TASK OBJECTIVE =>
A precise copy of the data is required, with every picture left out.

::::::::::

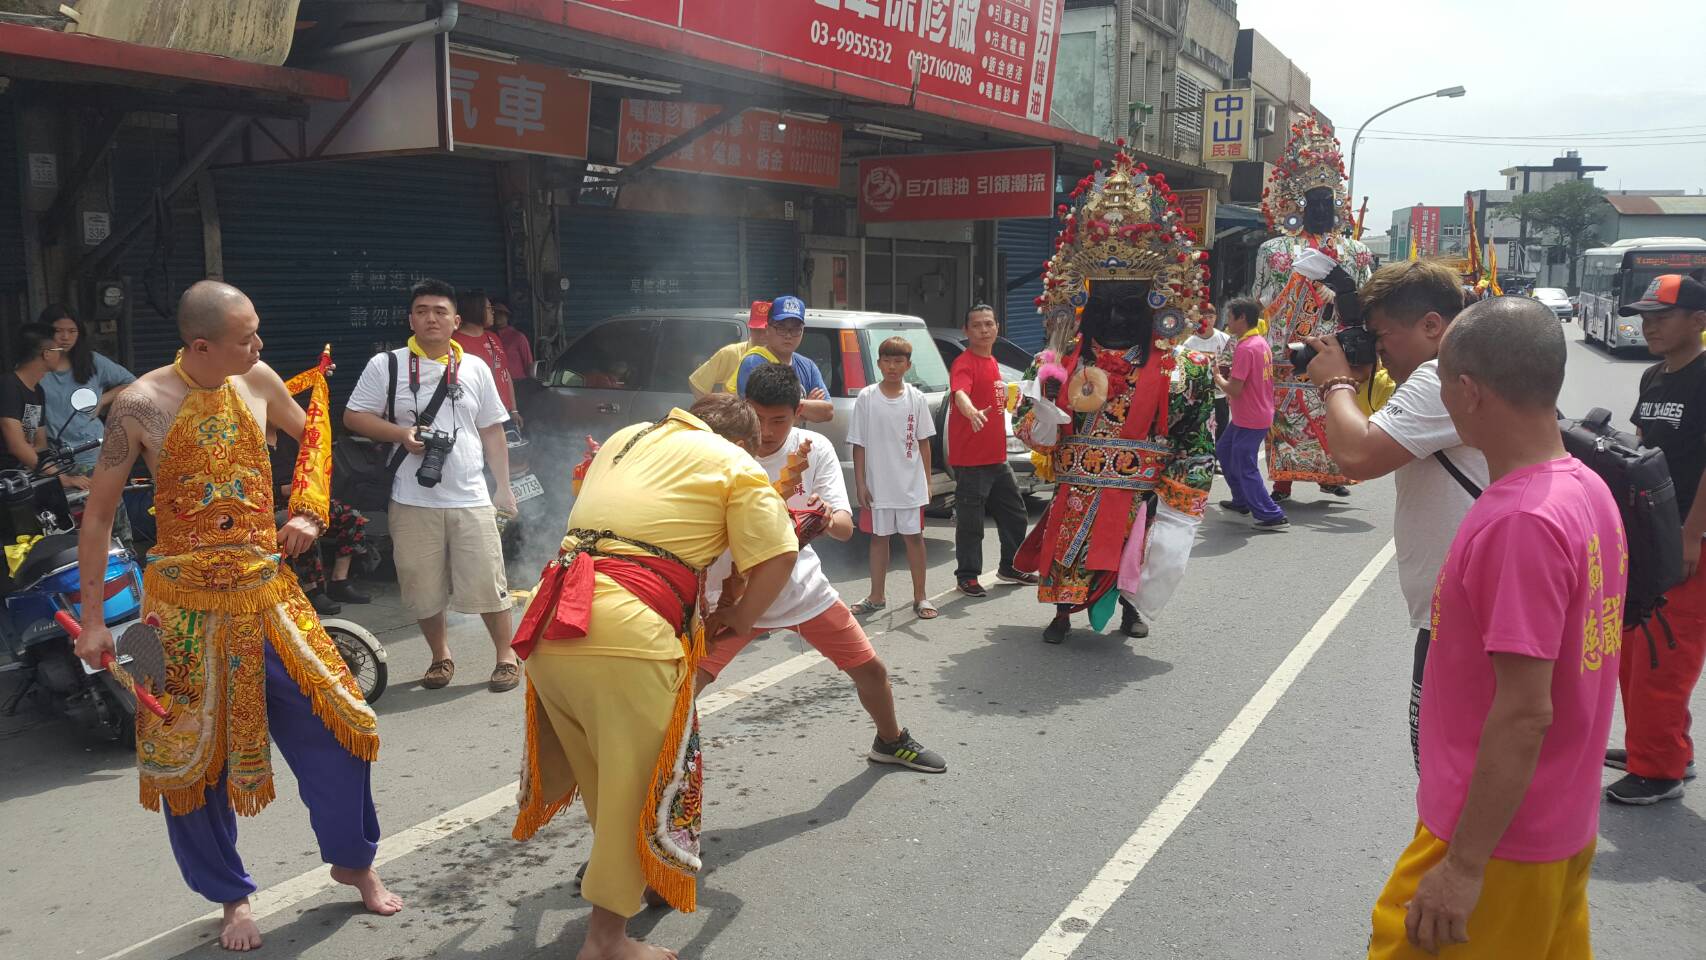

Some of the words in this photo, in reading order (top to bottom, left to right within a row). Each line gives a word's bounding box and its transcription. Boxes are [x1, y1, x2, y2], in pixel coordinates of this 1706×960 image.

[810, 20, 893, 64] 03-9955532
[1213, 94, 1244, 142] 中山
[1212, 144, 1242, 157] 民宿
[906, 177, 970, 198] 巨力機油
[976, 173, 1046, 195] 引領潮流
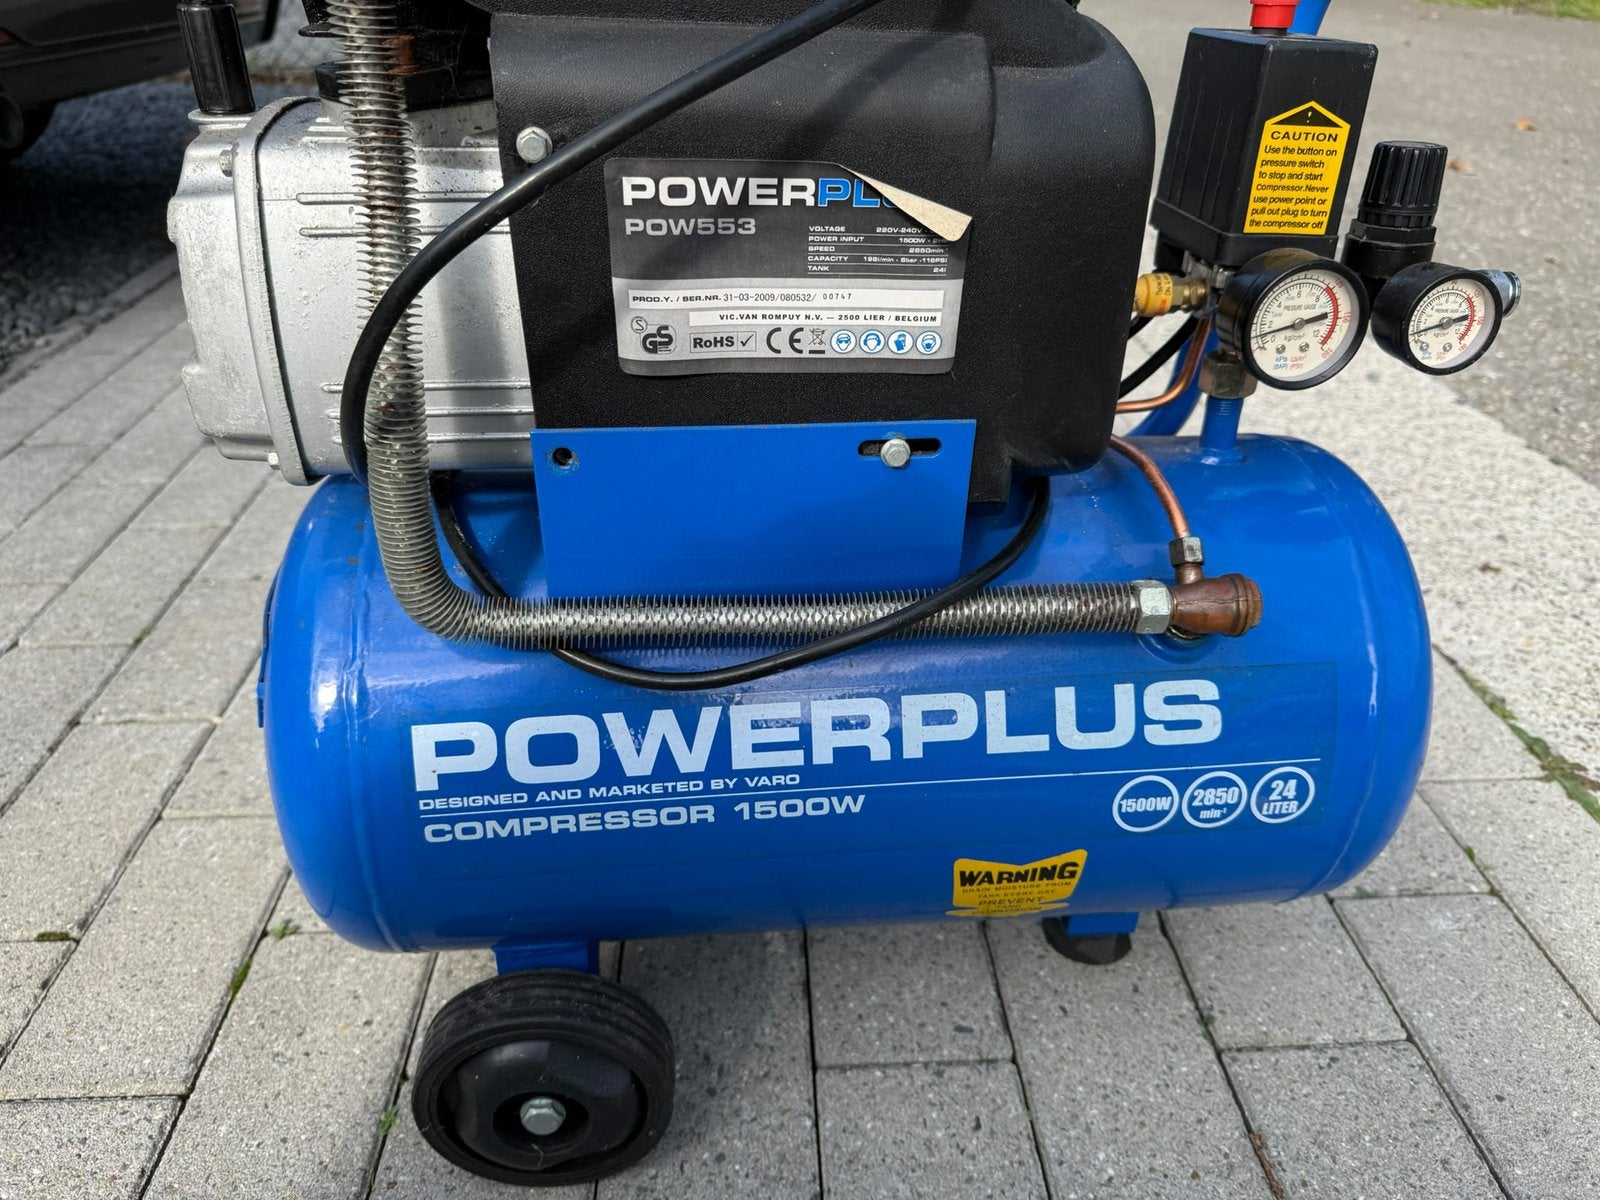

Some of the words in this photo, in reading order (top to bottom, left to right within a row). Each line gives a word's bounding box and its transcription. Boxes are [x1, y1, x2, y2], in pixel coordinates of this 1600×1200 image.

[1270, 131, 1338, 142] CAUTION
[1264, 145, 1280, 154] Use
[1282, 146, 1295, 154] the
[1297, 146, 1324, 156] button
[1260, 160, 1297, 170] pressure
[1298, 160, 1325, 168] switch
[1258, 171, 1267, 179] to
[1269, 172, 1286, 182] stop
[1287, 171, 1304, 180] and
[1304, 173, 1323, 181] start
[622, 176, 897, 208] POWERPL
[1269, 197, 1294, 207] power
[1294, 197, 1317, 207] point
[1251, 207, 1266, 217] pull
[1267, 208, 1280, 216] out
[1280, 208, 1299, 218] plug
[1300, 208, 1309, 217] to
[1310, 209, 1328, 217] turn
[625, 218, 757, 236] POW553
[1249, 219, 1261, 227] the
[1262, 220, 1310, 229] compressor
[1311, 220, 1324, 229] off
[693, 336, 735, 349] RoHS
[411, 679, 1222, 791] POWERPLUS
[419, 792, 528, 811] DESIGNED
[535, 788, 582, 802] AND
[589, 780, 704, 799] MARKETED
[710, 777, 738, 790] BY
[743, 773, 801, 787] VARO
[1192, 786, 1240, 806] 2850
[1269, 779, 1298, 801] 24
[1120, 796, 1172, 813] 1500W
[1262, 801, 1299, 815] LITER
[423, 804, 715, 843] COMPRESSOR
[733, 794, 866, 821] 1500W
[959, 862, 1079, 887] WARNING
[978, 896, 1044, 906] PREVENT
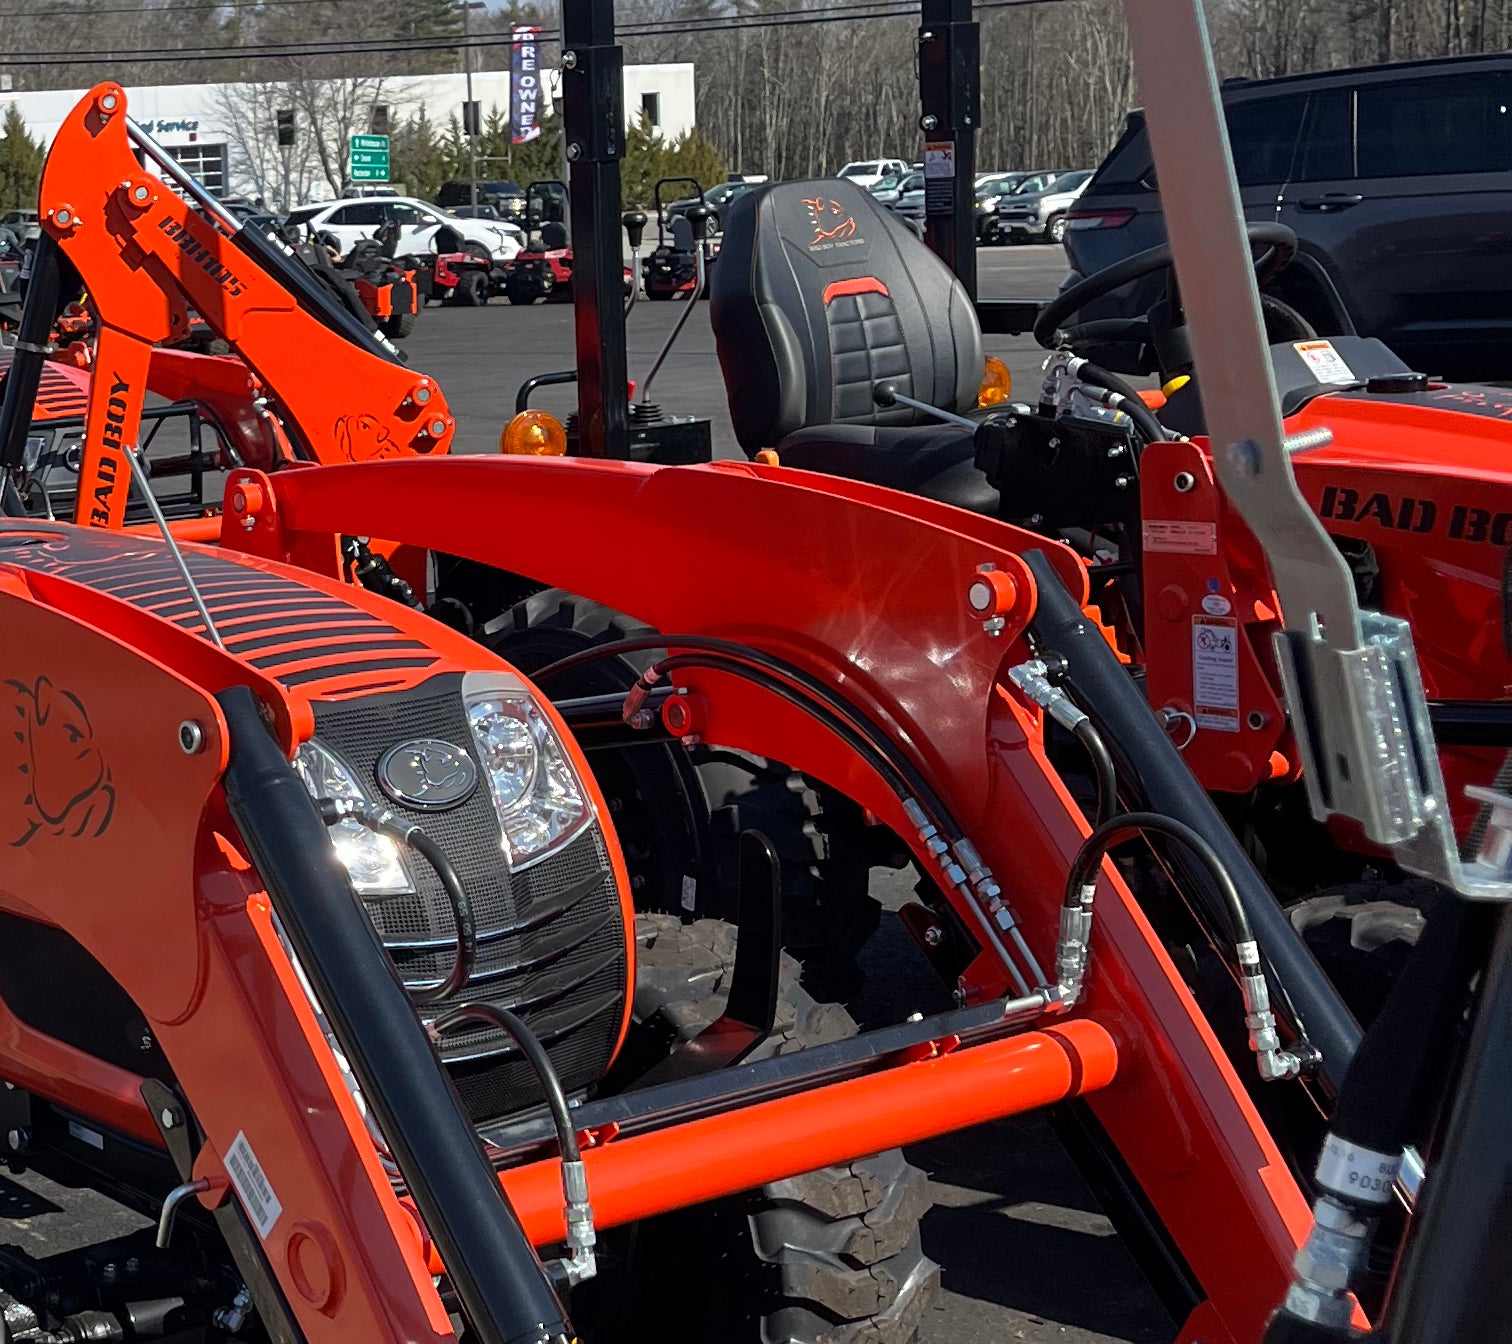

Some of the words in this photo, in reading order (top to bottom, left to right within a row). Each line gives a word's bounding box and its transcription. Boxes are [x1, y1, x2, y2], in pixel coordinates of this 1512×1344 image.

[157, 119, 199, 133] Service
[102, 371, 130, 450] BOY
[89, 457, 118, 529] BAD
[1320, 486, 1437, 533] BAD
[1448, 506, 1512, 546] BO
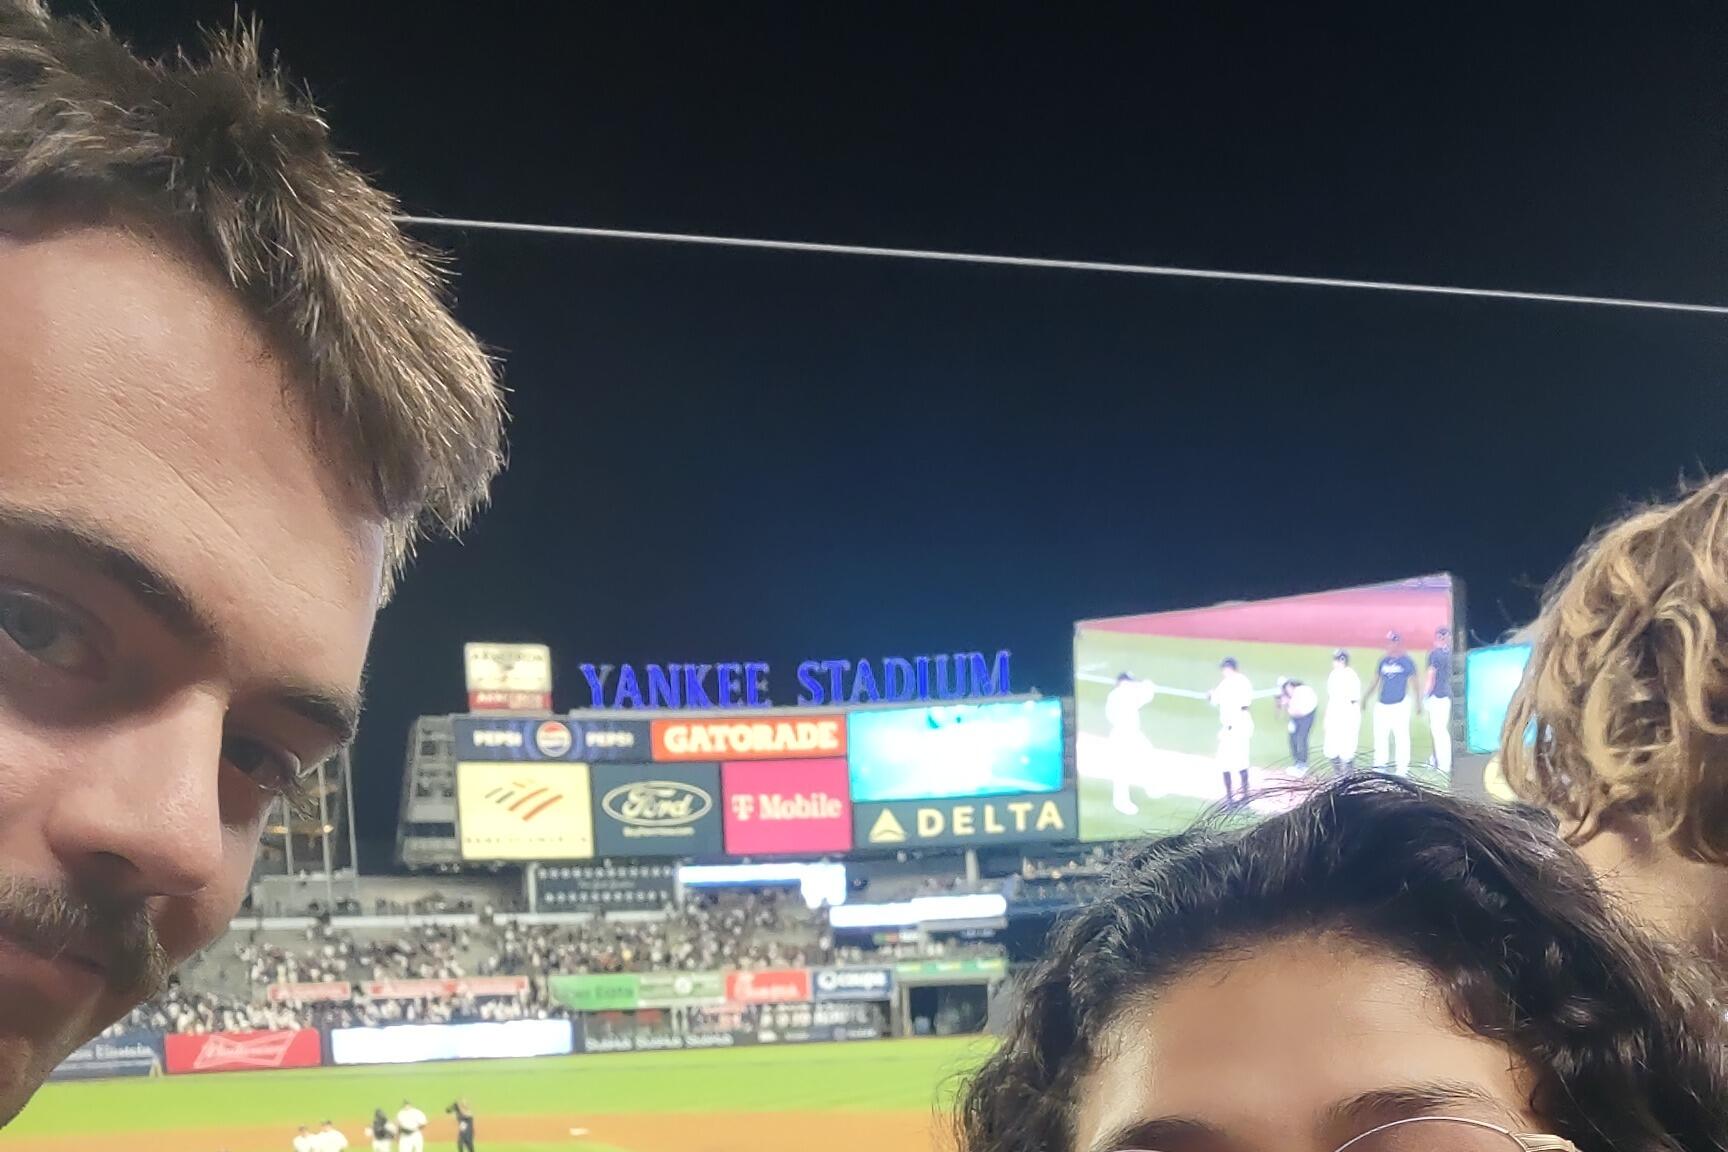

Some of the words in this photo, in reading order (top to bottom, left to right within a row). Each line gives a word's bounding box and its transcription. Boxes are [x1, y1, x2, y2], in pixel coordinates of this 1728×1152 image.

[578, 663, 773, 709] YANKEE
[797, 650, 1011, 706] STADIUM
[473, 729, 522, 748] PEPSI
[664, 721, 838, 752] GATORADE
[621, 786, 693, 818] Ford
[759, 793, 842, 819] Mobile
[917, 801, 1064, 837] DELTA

::::::::::

ANSWER TO THIS TASK =>
Some of the words in this photo, in reading order (top to bottom, left to right within a row). Each line gives a word's bounding box and its transcription. Boxes are [x1, y1, x2, y2], in pixel coordinates of this 1706×960 image.

[810, 20, 893, 64] 03-9955532
[1213, 94, 1244, 142] 中山
[1212, 144, 1242, 157] 民宿
[906, 177, 970, 198] 巨力機油
[976, 173, 1046, 195] 引領潮流

Some of the words in this photo, in reading order (top to bottom, left to right within a row). Each line gives a word's bounding box and its transcription. Boxes are [x1, y1, x2, y2], in pixel coordinates of this 1600×1200 image.

[1270, 131, 1338, 142] CAUTION
[1264, 145, 1280, 154] Use
[1282, 146, 1295, 154] the
[1297, 146, 1324, 156] button
[1260, 160, 1297, 170] pressure
[1298, 160, 1325, 168] switch
[1258, 171, 1267, 179] to
[1269, 172, 1286, 182] stop
[1287, 171, 1304, 180] and
[1304, 173, 1323, 181] start
[622, 176, 897, 208] POWERPL
[1269, 197, 1294, 207] power
[1294, 197, 1317, 207] point
[1251, 207, 1266, 217] pull
[1267, 208, 1280, 216] out
[1280, 208, 1299, 218] plug
[1300, 208, 1309, 217] to
[1310, 209, 1328, 217] turn
[625, 218, 757, 236] POW553
[1249, 219, 1261, 227] the
[1262, 220, 1310, 229] compressor
[1311, 220, 1324, 229] off
[693, 336, 735, 349] RoHS
[411, 679, 1222, 791] POWERPLUS
[419, 792, 528, 811] DESIGNED
[535, 788, 582, 802] AND
[589, 780, 704, 799] MARKETED
[710, 777, 738, 790] BY
[743, 773, 801, 787] VARO
[1192, 786, 1240, 806] 2850
[1269, 779, 1298, 801] 24
[1120, 796, 1172, 813] 1500W
[1262, 801, 1299, 815] LITER
[423, 804, 715, 843] COMPRESSOR
[733, 794, 866, 821] 1500W
[959, 862, 1079, 887] WARNING
[978, 896, 1044, 906] PREVENT

Some of the words in this photo, in reading order (top to bottom, left to right within a row). Each line gives a word's bounding box and its transcription. Boxes are [x1, y1, x2, y2], in pixel coordinates of this 1512×1344 image.

[157, 119, 199, 133] Service
[102, 371, 130, 450] BOY
[89, 457, 118, 529] BAD
[1320, 486, 1437, 533] BAD
[1448, 506, 1512, 546] BO

Some of the words in this photo, in reading order (top to bottom, left to right within a row). Each line gives a word's bounding box and its transcription. Boxes are [x1, y1, x2, y2], in pixel coordinates of this 1728×1152 image.

[578, 663, 773, 709] YANKEE
[797, 650, 1011, 706] STADIUM
[473, 729, 522, 748] PEPSI
[664, 721, 838, 752] GATORADE
[621, 786, 693, 818] Ford
[759, 793, 842, 819] Mobile
[917, 801, 1064, 837] DELTA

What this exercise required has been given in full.